● What this task involves: Would you print the data below exactly, leaving out every picture?

● Excerpted records:
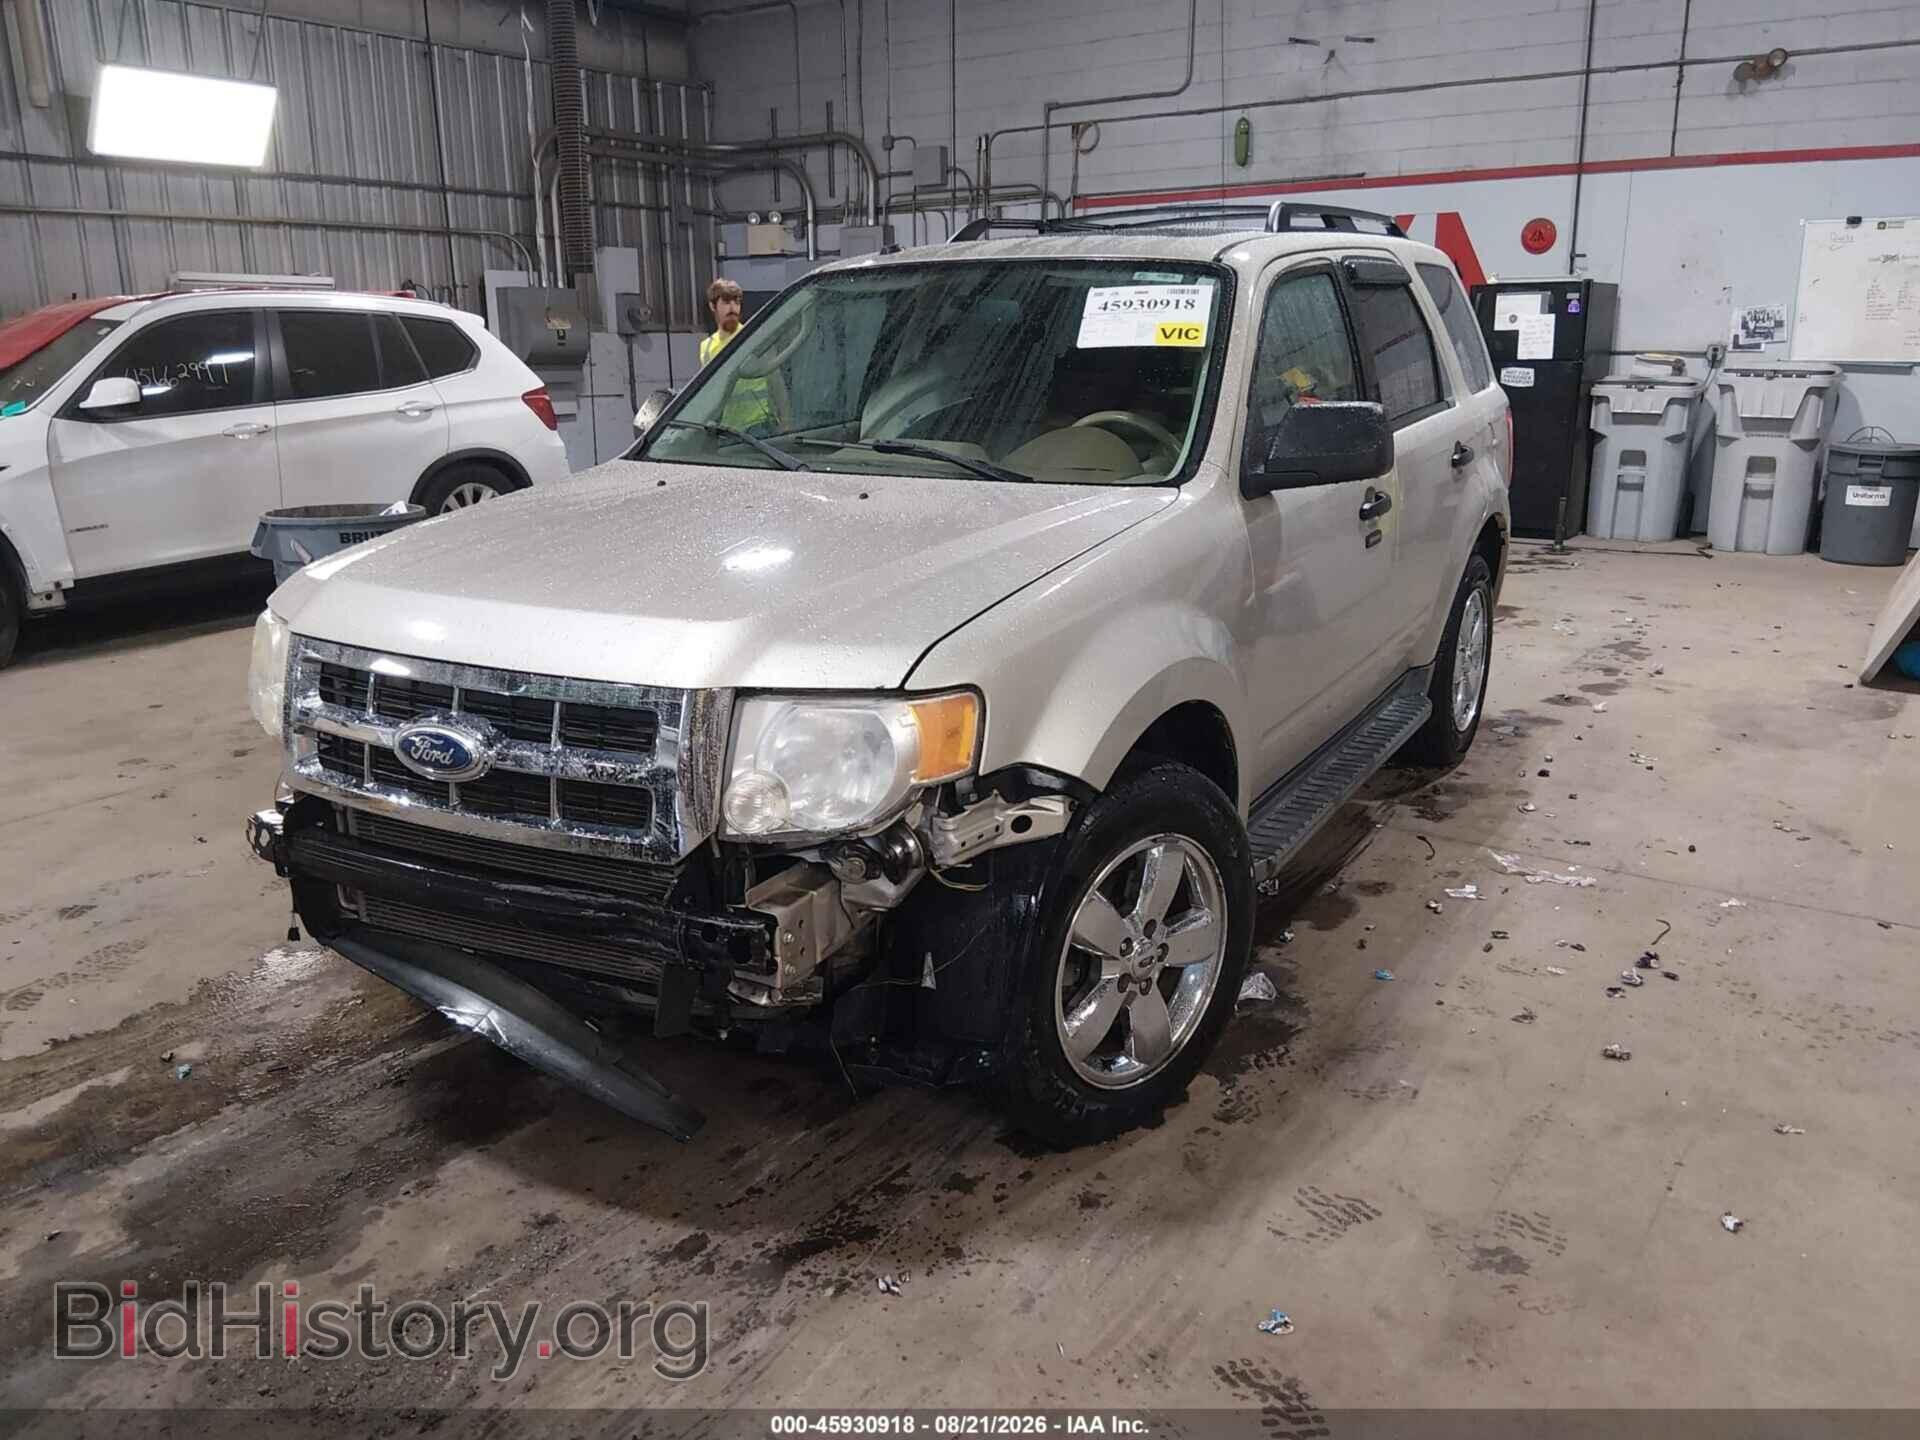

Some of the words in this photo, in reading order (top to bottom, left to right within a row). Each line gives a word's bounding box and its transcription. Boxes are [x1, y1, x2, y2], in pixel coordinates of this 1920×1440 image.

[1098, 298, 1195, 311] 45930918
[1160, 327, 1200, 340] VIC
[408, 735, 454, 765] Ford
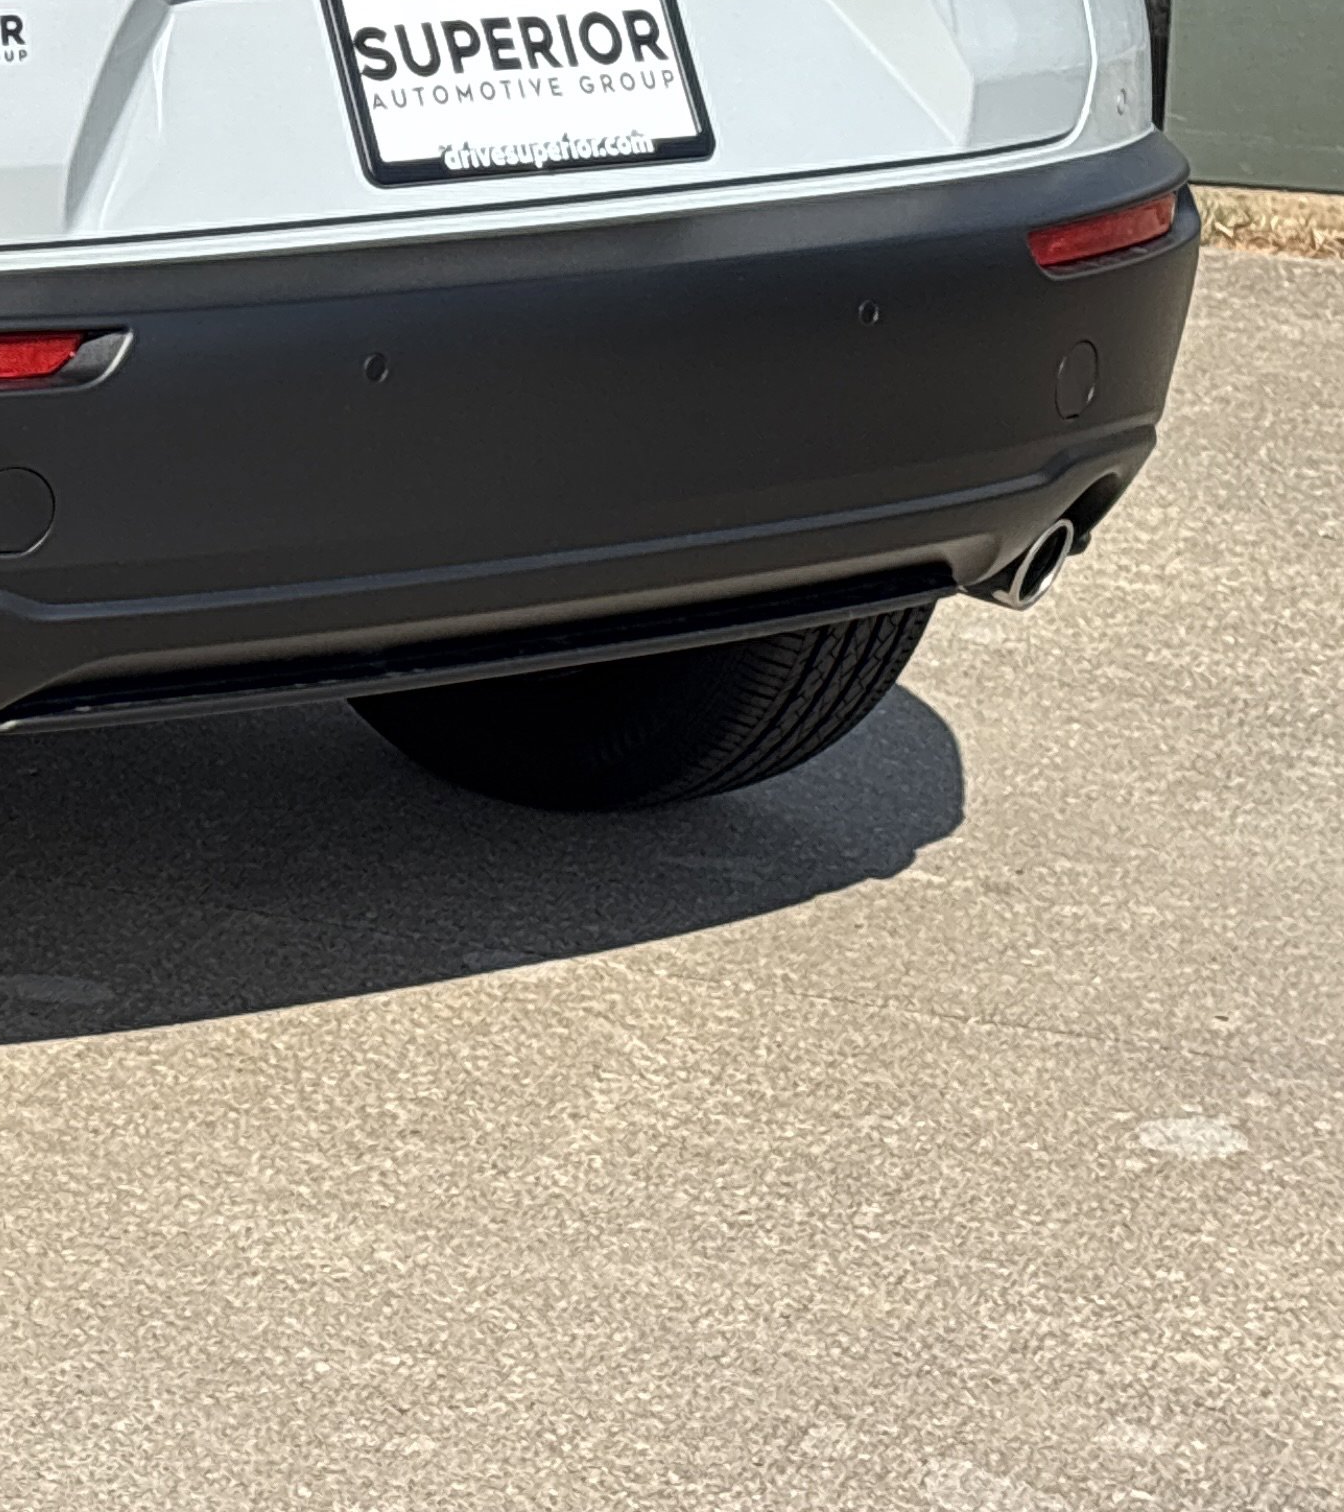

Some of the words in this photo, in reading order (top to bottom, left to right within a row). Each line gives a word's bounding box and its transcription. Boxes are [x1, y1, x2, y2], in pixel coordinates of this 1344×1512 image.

● Response to the exercise:
Some of the words in this photo, in reading order (top to bottom, left to right within a row). Each line gives a word's bounding box and its transcription. Boxes are [x1, y1, x2, y2], in pixel coordinates of this 1920×1440 image.

[1098, 298, 1195, 311] 45930918
[1160, 327, 1200, 340] VIC
[408, 735, 454, 765] Ford

Some of the words in this photo, in reading order (top to bottom, left to right within a row). Each line gives a word's bounding box and its transcription. Boxes are [x1, y1, x2, y2], in pixel coordinates of this 1344×1512 image.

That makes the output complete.